TASK INSTRUCTIONS:
If an entry holds a picture, leave the picture out and copy the rest exactly.

___ EXERCISE DATA

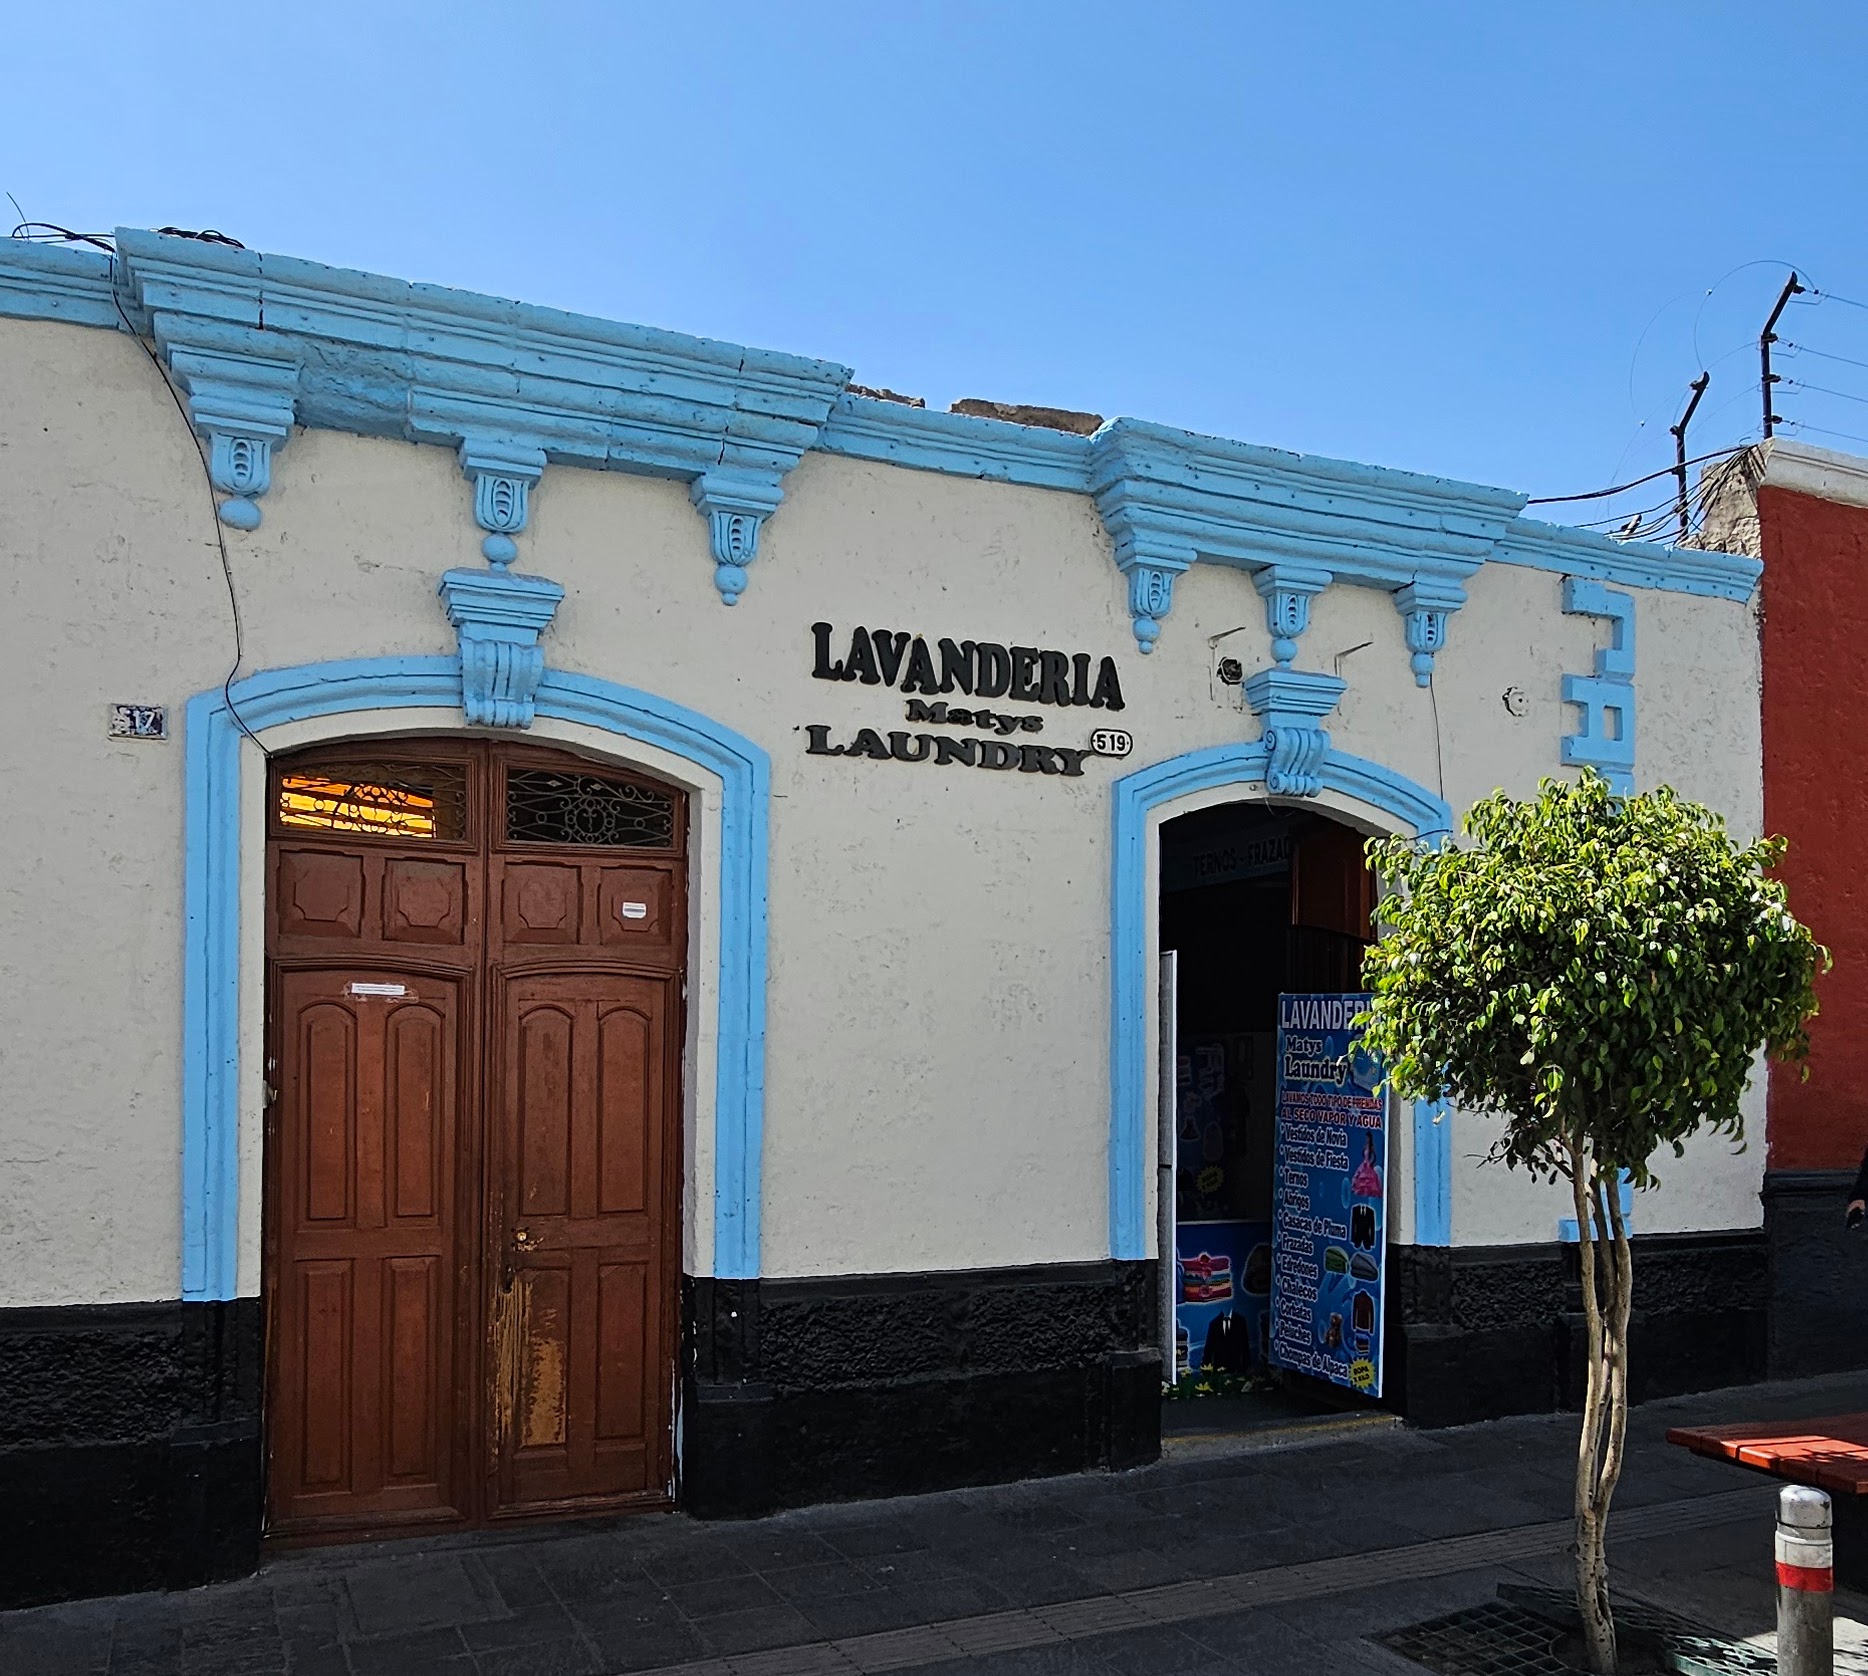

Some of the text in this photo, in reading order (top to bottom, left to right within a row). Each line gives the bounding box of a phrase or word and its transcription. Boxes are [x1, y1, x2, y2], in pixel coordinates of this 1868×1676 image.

[811, 622, 1125, 711] LAVANDERIA
[905, 699, 1044, 735] Matys
[805, 725, 1096, 776] LAUNDRY
[1096, 735, 1126, 751] 519
[1193, 848, 1236, 876] TERNOS
[1285, 1035, 1323, 1057] Matys
[1284, 1055, 1347, 1086] Laundry
[1328, 1094, 1342, 1108] TIPO
[1343, 1095, 1352, 1109] DE
[1281, 1107, 1382, 1128] AL SECO VAPOR Y AGUA
[1286, 1123, 1347, 1148] Vestidos de Novia
[1285, 1145, 1349, 1171] Vestidos de Fiesta
[1285, 1167, 1308, 1188] Ternos
[1313, 1217, 1323, 1235] de
[1282, 1232, 1313, 1256] Frazadas
[1281, 1276, 1318, 1302] Chalecos
[1312, 1352, 1322, 1371] de
[1322, 1354, 1348, 1379] Alpaca

______

OUTPUT BELOW:
Some of the text in this photo, in reading order (top to bottom, left to right within a row). Each line gives the bounding box of a phrase or word and its transcription. Boxes are [x1, y1, x2, y2], in pixel coordinates of this 1868×1676 image.

[811, 622, 1125, 711] LAVANDERIA
[905, 699, 1044, 735] Matys
[805, 725, 1096, 776] LAUNDRY
[1096, 735, 1126, 751] 519
[1193, 848, 1236, 876] TERNOS
[1285, 1035, 1323, 1057] Matys
[1284, 1055, 1347, 1086] Laundry
[1328, 1094, 1342, 1108] TIPO
[1343, 1095, 1352, 1109] DE
[1281, 1107, 1382, 1128] AL SECO VAPOR Y AGUA
[1286, 1123, 1347, 1148] Vestidos de Novia
[1285, 1145, 1349, 1171] Vestidos de Fiesta
[1285, 1167, 1308, 1188] Ternos
[1313, 1217, 1323, 1235] de
[1282, 1232, 1313, 1256] Frazadas
[1281, 1276, 1318, 1302] Chalecos
[1312, 1352, 1322, 1371] de
[1322, 1354, 1348, 1379] Alpaca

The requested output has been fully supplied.